Unmanned aerial vehicles (UAVs) rely on an external motion-capture apparatus that gives the vehicles almost perfect state information at high rates. Major challenges in gathering sensing data necessary for flight are the limited payload, computation, and battery life of the vehicles. Lightweight cameras are a good solution, but require computationally efficient machine vision algorithms that can run within the limits of these vehicles.

By detecting at a single depth (dark blue) and integrating the aircraft’s odometry and past detections (lighter blue), a full map of obstacles in front of the vehicle can be built quickly.

A novel method for stereo vision computation was developed that is dramatically faster than the state of the art. The method performs a subset of the processing traditionally required for stereo vision, but is able to recover obstacles in real time at 120 frames per second (fps) on a conventional CPU. The system is lightweight and accurate enough to run in real time on aircraft, allowing for true, self-contained obstacle detection.

A standard block-matching stereo system produces depth estimates by finding pixel-block matches between two images. Given a pixel block in the left image, for example, the system will search through the epipolar line to find the best match. The position of the match relative to its coordinate on the left image, or the disparity, allows the user to compute the 3D position of the object in that pixel block.

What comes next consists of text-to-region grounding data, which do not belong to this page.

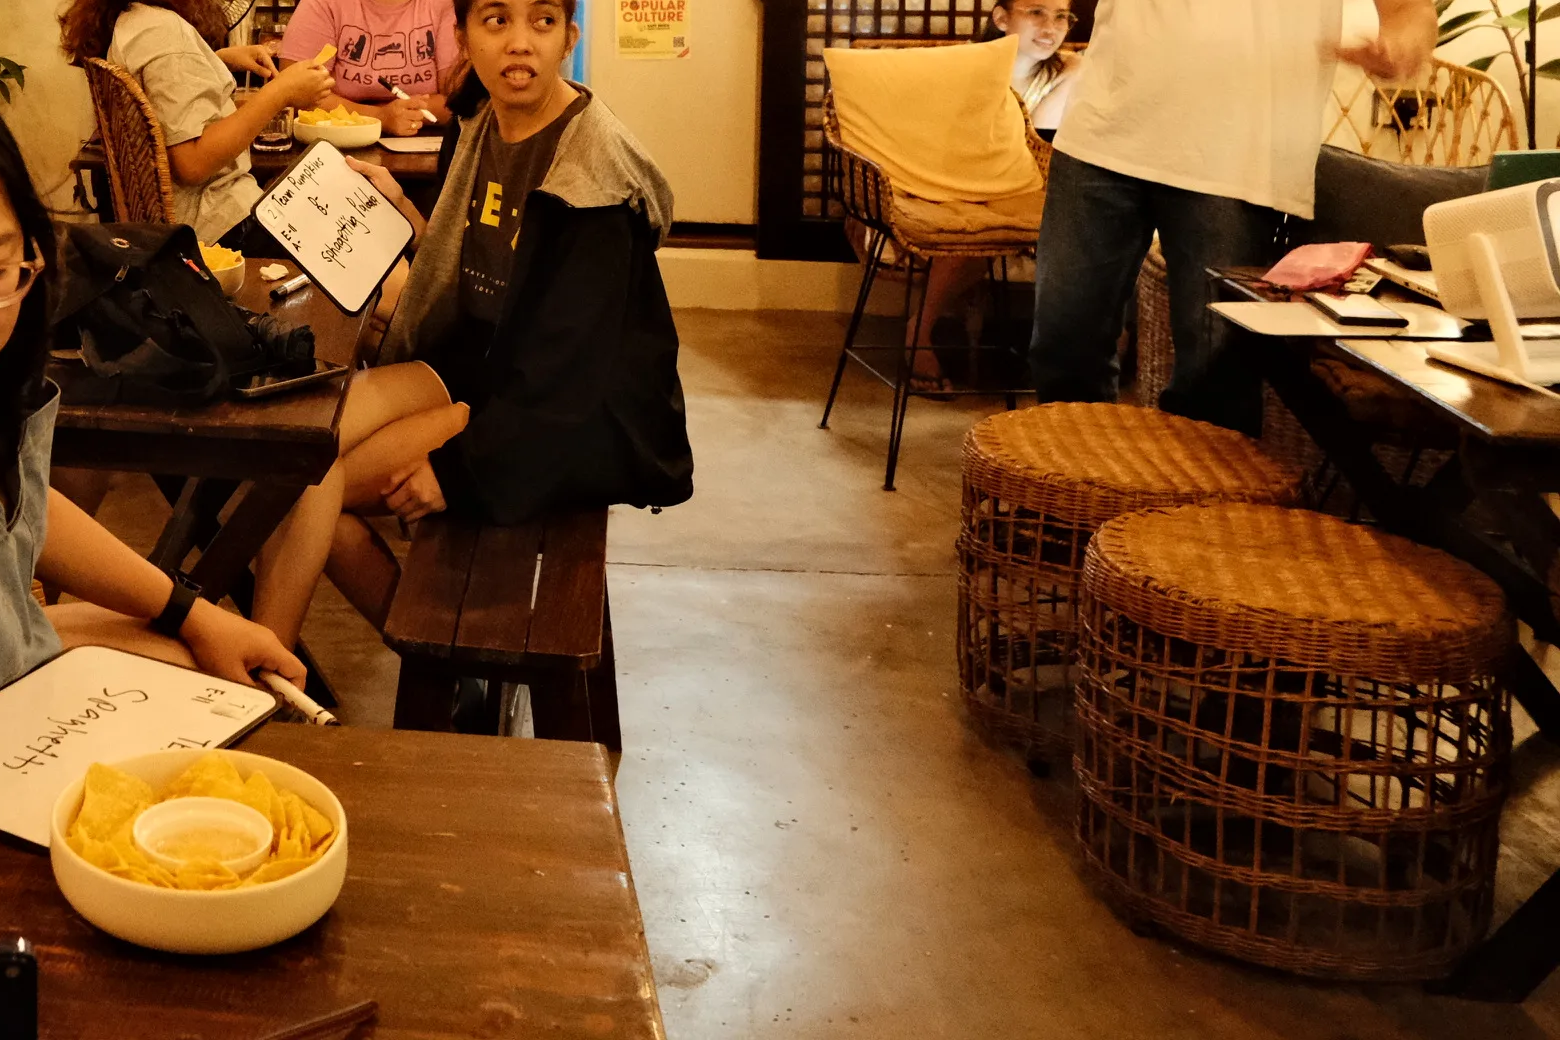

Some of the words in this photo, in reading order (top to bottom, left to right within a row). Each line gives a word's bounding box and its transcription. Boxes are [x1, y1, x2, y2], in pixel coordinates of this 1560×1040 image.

[621, 0, 685, 11] POPULAR
[623, 11, 683, 22] CULTURE
[342, 68, 373, 85] LAS
[271, 189, 295, 207] Team
[287, 157, 324, 191] Pumpkins
[267, 209, 278, 220] 2
[2, 687, 149, 775] Spaghetti
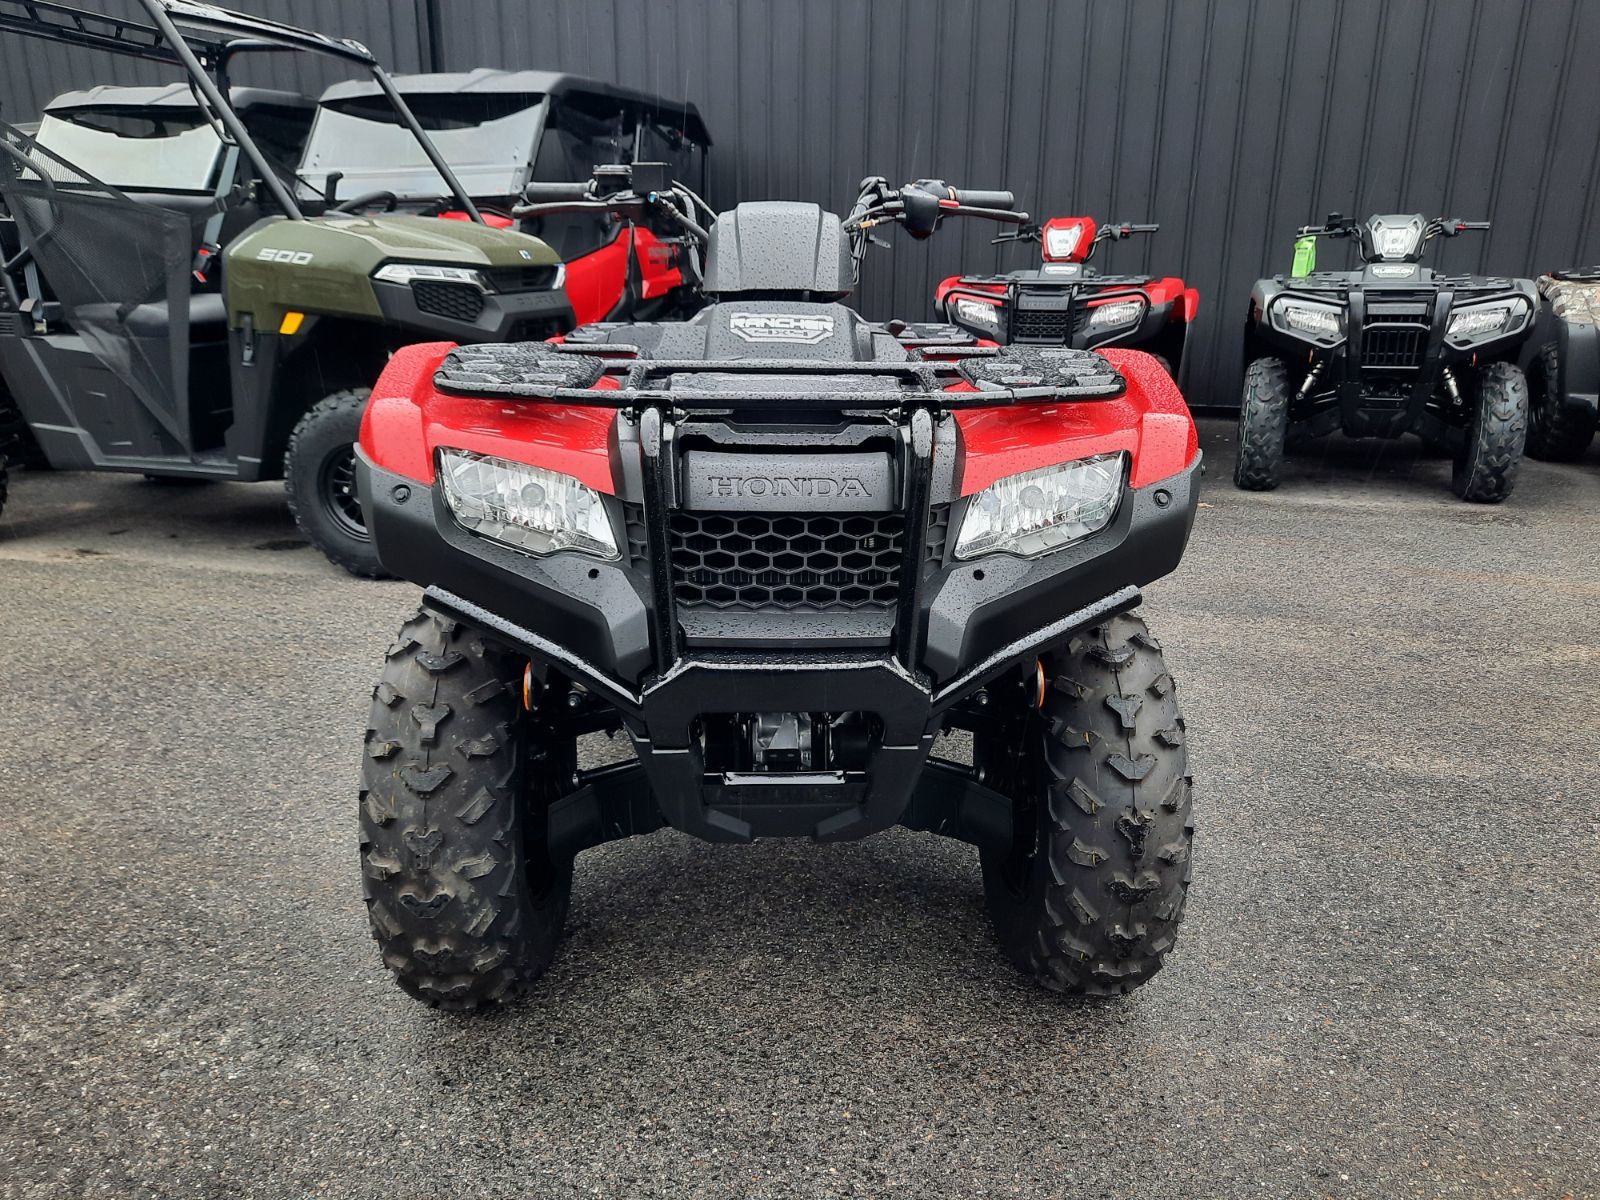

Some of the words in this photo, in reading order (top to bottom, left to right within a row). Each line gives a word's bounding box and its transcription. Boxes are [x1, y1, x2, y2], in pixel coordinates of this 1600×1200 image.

One can think of a standard block-matching stereo vision system as a search through depth. As one searches along the epipolar line for a pixel group that matches the candidate block, the space of distance away from the cameras is explored. For example, given a pixel block in a left image, one might start searching through the right image with a large disparity, corresponding to an object close to the cameras. As one decreases disparity, pixel blocks that correspond to objects further and further away are examined until reaching zero disparity, where the stereo base distance is insignificant compared to the distance away and the obtstacle’s location can no longer be determined.

Aircraft hardware in the field. A small catapult is used for consistent launches near obstacles.

The algorithm is called “pushbroom stereo” because the detection region is pushed forward, sweeping up obstacles like a broom on a floor (and similar to pushbroom LIDAR systems). This is distinct from a “pushbroom camera,” which is a one-dimensional array of pixels arranged perpendicular to the camera’s motion. These cameras are often found on satellites and can be used for stereo vision.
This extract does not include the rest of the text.